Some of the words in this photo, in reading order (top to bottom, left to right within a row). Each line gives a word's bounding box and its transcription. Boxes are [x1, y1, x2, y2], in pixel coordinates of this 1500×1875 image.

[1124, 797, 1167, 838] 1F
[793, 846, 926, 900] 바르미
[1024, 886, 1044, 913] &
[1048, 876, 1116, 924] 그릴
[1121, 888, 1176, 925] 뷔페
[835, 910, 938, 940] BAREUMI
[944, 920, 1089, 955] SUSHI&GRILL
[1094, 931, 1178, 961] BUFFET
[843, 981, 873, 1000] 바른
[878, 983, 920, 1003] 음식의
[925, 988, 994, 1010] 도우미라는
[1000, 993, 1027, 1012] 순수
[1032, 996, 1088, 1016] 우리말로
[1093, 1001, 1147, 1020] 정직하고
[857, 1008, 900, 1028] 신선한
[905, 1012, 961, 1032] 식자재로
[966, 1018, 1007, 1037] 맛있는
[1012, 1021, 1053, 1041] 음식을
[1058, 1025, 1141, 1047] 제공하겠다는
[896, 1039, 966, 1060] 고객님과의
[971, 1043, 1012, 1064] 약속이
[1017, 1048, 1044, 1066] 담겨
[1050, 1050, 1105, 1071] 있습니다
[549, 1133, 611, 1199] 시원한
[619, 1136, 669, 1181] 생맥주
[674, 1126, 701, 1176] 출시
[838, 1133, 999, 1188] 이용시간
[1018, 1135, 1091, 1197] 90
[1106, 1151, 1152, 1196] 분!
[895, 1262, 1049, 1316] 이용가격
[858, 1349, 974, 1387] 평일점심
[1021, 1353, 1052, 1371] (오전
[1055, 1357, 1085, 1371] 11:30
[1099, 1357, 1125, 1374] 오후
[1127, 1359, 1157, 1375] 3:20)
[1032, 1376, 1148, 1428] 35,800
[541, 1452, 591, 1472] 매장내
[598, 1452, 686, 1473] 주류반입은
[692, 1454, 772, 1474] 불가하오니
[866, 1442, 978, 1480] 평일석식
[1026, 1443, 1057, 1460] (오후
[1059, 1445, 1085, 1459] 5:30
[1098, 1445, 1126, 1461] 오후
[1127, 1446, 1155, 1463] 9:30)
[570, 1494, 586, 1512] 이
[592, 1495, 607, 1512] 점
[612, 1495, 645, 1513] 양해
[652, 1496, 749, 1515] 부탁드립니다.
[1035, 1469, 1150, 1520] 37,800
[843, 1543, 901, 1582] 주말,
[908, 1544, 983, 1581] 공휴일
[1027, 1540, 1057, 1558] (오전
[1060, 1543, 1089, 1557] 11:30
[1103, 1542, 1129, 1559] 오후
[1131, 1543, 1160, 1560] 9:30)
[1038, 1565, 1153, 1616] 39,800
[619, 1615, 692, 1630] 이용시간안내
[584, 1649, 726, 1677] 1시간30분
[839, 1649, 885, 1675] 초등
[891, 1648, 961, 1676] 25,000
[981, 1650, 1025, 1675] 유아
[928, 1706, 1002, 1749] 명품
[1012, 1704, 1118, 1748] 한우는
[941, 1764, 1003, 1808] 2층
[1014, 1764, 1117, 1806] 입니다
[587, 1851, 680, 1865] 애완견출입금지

The task: Reproduce the material above in full, exactly.

Answer below:
Some of the words in this photo, in reading order (top to bottom, left to right within a row). Each line gives a word's bounding box and its transcription. Boxes are [x1, y1, x2, y2], in pixel coordinates of this 1500×1875 image.

[1124, 797, 1167, 838] 1F
[793, 846, 926, 900] 바르미
[1024, 886, 1044, 913] &
[1048, 876, 1116, 924] 그릴
[1121, 888, 1176, 925] 뷔페
[835, 910, 938, 940] BAREUMI
[944, 920, 1089, 955] SUSHI&GRILL
[1094, 931, 1178, 961] BUFFET
[843, 981, 873, 1000] 바른
[878, 983, 920, 1003] 음식의
[925, 988, 994, 1010] 도우미라는
[1000, 993, 1027, 1012] 순수
[1032, 996, 1088, 1016] 우리말로
[1093, 1001, 1147, 1020] 정직하고
[857, 1008, 900, 1028] 신선한
[905, 1012, 961, 1032] 식자재로
[966, 1018, 1007, 1037] 맛있는
[1012, 1021, 1053, 1041] 음식을
[1058, 1025, 1141, 1047] 제공하겠다는
[896, 1039, 966, 1060] 고객님과의
[971, 1043, 1012, 1064] 약속이
[1017, 1048, 1044, 1066] 담겨
[1050, 1050, 1105, 1071] 있습니다
[549, 1133, 611, 1199] 시원한
[619, 1136, 669, 1181] 생맥주
[674, 1126, 701, 1176] 출시
[838, 1133, 999, 1188] 이용시간
[1018, 1135, 1091, 1197] 90
[1106, 1151, 1152, 1196] 분!
[895, 1262, 1049, 1316] 이용가격
[858, 1349, 974, 1387] 평일점심
[1021, 1353, 1052, 1371] (오전
[1055, 1357, 1085, 1371] 11:30
[1099, 1357, 1125, 1374] 오후
[1127, 1359, 1157, 1375] 3:20)
[1032, 1376, 1148, 1428] 35,800
[541, 1452, 591, 1472] 매장내
[598, 1452, 686, 1473] 주류반입은
[692, 1454, 772, 1474] 불가하오니
[866, 1442, 978, 1480] 평일석식
[1026, 1443, 1057, 1460] (오후
[1059, 1445, 1085, 1459] 5:30
[1098, 1445, 1126, 1461] 오후
[1127, 1446, 1155, 1463] 9:30)
[570, 1494, 586, 1512] 이
[592, 1495, 607, 1512] 점
[612, 1495, 645, 1513] 양해
[652, 1496, 749, 1515] 부탁드립니다.
[1035, 1469, 1150, 1520] 37,800
[843, 1543, 901, 1582] 주말,
[908, 1544, 983, 1581] 공휴일
[1027, 1540, 1057, 1558] (오전
[1060, 1543, 1089, 1557] 11:30
[1103, 1542, 1129, 1559] 오후
[1131, 1543, 1160, 1560] 9:30)
[1038, 1565, 1153, 1616] 39,800
[619, 1615, 692, 1630] 이용시간안내
[584, 1649, 726, 1677] 1시간30분
[839, 1649, 885, 1675] 초등
[891, 1648, 961, 1676] 25,000
[981, 1650, 1025, 1675] 유아
[928, 1706, 1002, 1749] 명품
[1012, 1704, 1118, 1748] 한우는
[941, 1764, 1003, 1808] 2층
[1014, 1764, 1117, 1806] 입니다
[587, 1851, 680, 1865] 애완견출입금지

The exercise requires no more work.